Many find it hard to concentrate during conversations because they feel self conscious about how they appear to the other person. It may help to know that if someone is speaking their mind to you, it isn’t likely that they’re judging you at the same time. The speaker is grateful that you’re lending a listening ear.
Part of being a good listener is having the ability to stop thinking about yourself during the conversation. If you’re busy thinking about your own insecurities or needs, you aren’t paying attention to what the other person is saying.
4- Be empathetic.
Another key to listening is being able to put yourself in the other person’s shoes. If someone is confiding in you about his or her troubles, step outside yourself and imagine what it’s like to be him or her. True communication happens when people understand each other. Find common ground with the person who is speaking and do your best to see things from his or her point of view.
5- Become a better hearer.
You’re probably heard it said that there’s a difference between hearing and listening. Hearing is a the physical act of sensing sounds, while listening is the ability to interpret those sounds as a way to understand the world and other people.
The nuances in what you hear should inform the conclusions you make as a listener. For example, a person’s tone of voice can indicate whether he is she is joyful, depressed, angry or scared. Ultimately, honing your sense of hearing will make you a better listener.

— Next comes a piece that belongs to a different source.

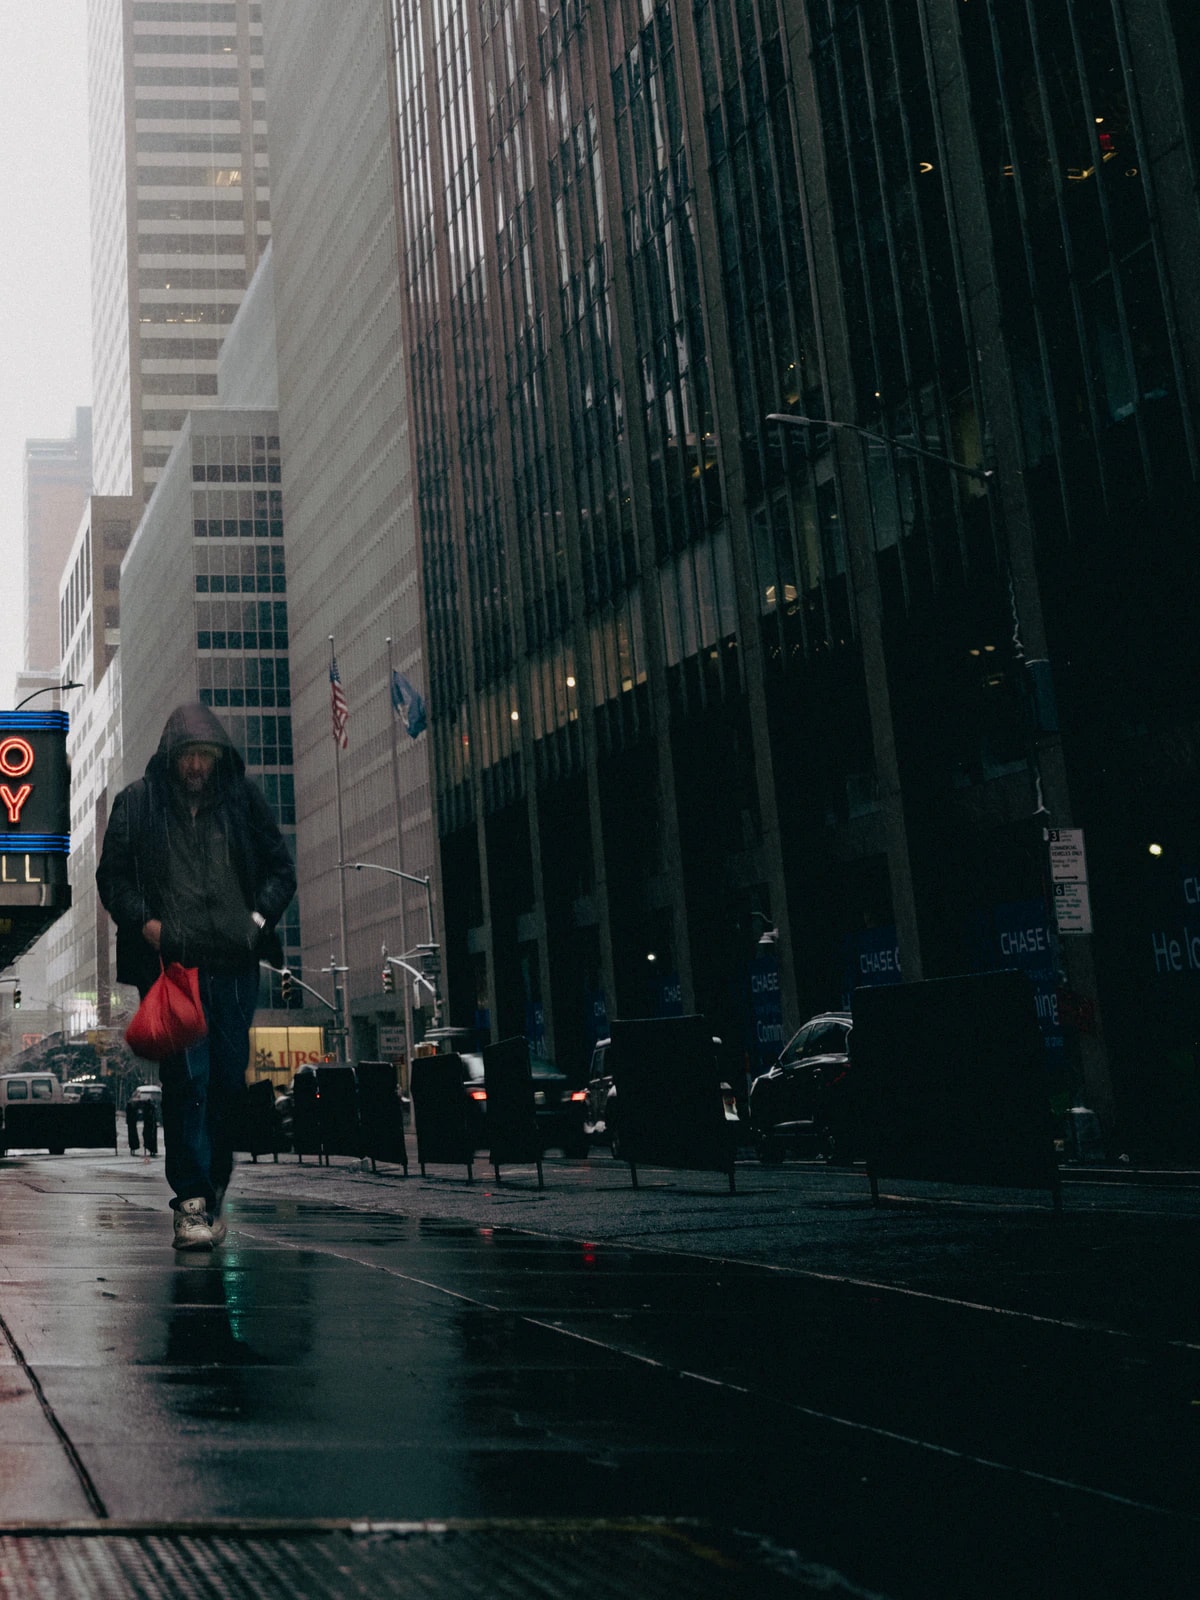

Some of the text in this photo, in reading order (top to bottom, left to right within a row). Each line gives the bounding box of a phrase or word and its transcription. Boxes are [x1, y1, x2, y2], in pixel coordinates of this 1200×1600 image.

[1000, 927, 1047, 956] CHASE
[859, 949, 894, 974] CHASE
[278, 1050, 320, 1069] UBS
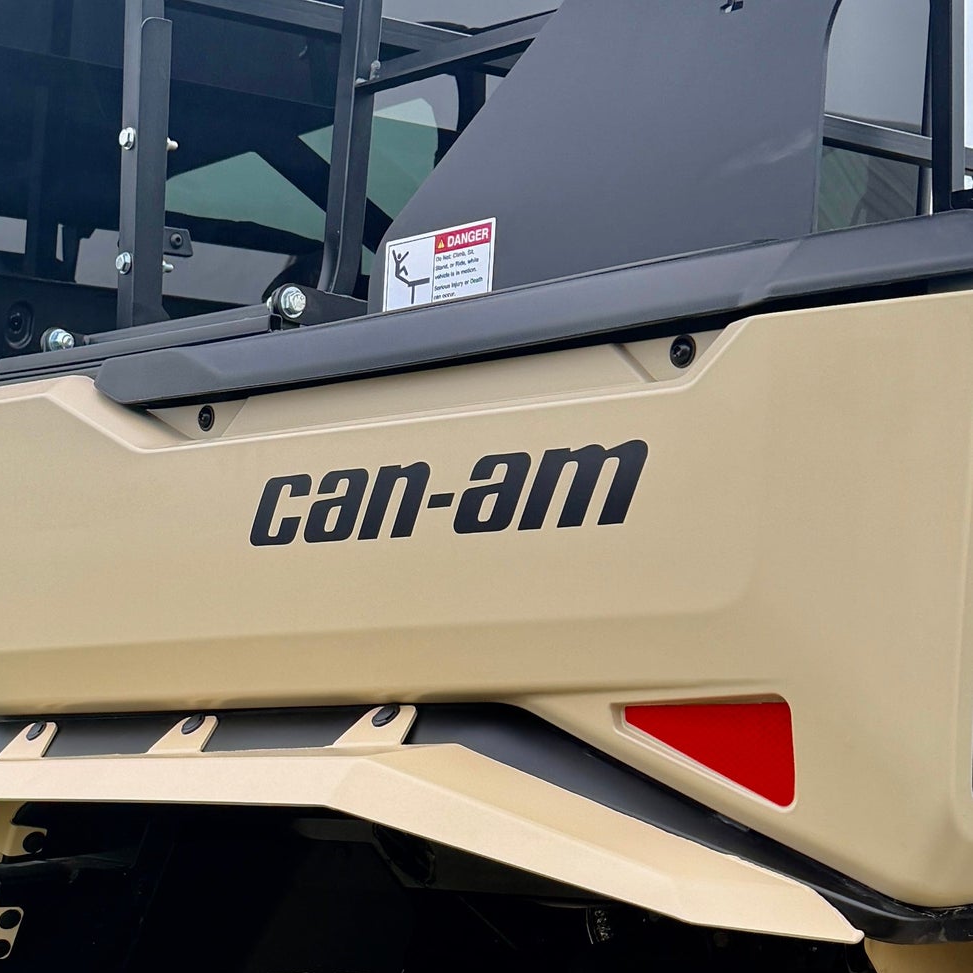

Work on your sense of hearing by paying more attention to sounds. When was the last time you closed your eyes and let your sense of hearing take the wheel? Stop once in a while and just listen to your surroundings so you can better appreciate the knowledge that can be gained by hearing.
Listen to music more carefully. We are so used to having music in the background now that we don’t often make it the sole focus. Close your eyes and really listen to an entire song or album. Try to pick out individual sounds. If many elements are present, such as in symphonic music, try listening to a single instrument as it travels through the flow of the entire orchestra.
— with Vilma D. López.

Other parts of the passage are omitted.